Vulnerability detection method of quantum neural network and automatic driving vulnerability detection method

Technical Field

The invention belongs to the technical field of quanta, and particularly relates to a leak detection method of a quantum neural network and an automatic driving leak detection method.

Background

The quantum neural network model is a mixed quantum-classical machine learning model proposed for recent noisy medium-scale quantum computing equipment, and solves some specific supervised and unsupervised learning tasks including classification and regression and modeling task generation by optimizing a loss function on a parameter vector to be reduced to convergence; with the development of quantum computers, the quantum neural network model has a wide release space in terms of potential quantum advantages of learning ability and resource consumption.

The quantum neural network model plays an important role in the field of quantum technology, so that in practical application, requirements are put on the reliability of the quantum neural network model, vulnerability detection is carried out on the quantum neural network model, and the reliability of the model is very necessary.

At present, a leak detection method for a quantum neural network model does not exist.

When the classical machine learning technology adopted in the current automatic driving field is used for model training, a large amount of data sample support is often required, and meanwhile, huge training expenditure is also faced, the quantum neural network model is applied to an automatic driving system, so that the problems of high resource expenditure and low learning efficiency during machine learning model training can be effectively solved through parallelism and coherence, and the automatic driving performance is improved; however, the automatic driving system using the quantum neural network model still has the problem that the reliability cannot fully meet the required requirements, and the system is still easily interfered by influencing factors, so that the accuracy of the whole system is reduced.

In summary, most of the existing quantum neural network models still need to solve the problem of insufficient reliability, and meanwhile, the use of the quantum neural network in the automatic driving system also has an influence on the automatic driving system.

Disclosure of Invention

The invention aims to provide a vulnerability detection method of a quantum neural network, which has the advantages of improved reliability and increased accuracy.

The second objective of the present invention is to provide an automatic driving vulnerability detection method with enhanced reliability and improved robustness.

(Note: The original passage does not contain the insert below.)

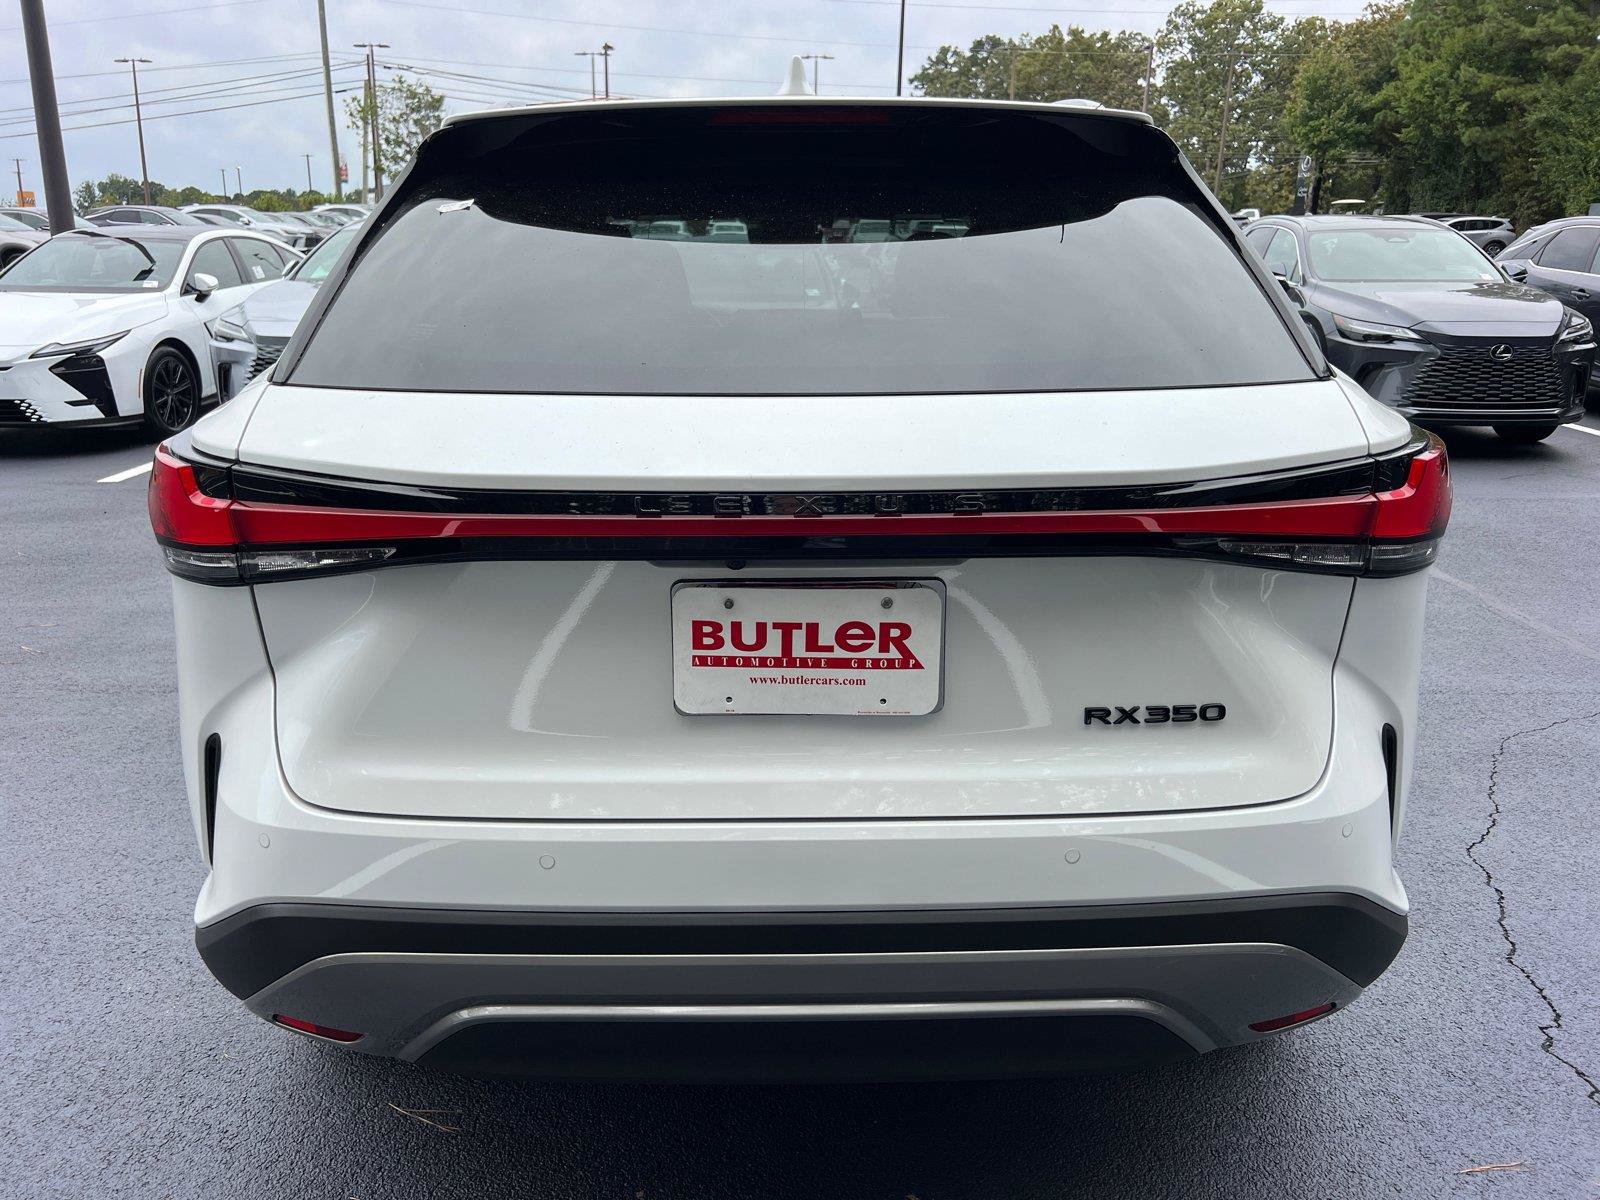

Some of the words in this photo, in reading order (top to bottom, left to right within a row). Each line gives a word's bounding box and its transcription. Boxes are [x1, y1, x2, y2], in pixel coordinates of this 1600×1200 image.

[634, 493, 984, 516] LEXUS
[693, 656, 828, 667] AUTOMOTIVE
[851, 659, 916, 669] GROUP
[750, 675, 866, 686] www.butlercars.com

The vulnerability detection method of the quantum neural network provided by the invention comprises the following steps:

s1, acquiring original input data and an initial quantum neural network model, and performing coding processing on the acquired data to construct a quantum state data set;

s2, determining an optimization target for searching an countermeasure sample by adopting the quantum state data set constructed in the step S1 and an initial quantum neural network model and calculating a gradient direction;

s3, determining an optimization target of quantum entanglement coverage by adopting the quantum state data set constructed in the step S1 and an initial quantum neural network model and a quantum state entanglement coverage calculation method of the model;

s4, adopting the countermeasure sample search optimization target determined in the step S2 and the quantum entanglement coverage optimization target determined in the step S3 to define a joint optimization target, and generating a target disturbance operator through optimization;

s5, adopting the initial quantum neural network model obtained in the step S1 and the target disturbance operator generated in the step S4 to finish leak detection of the quantum neural network model.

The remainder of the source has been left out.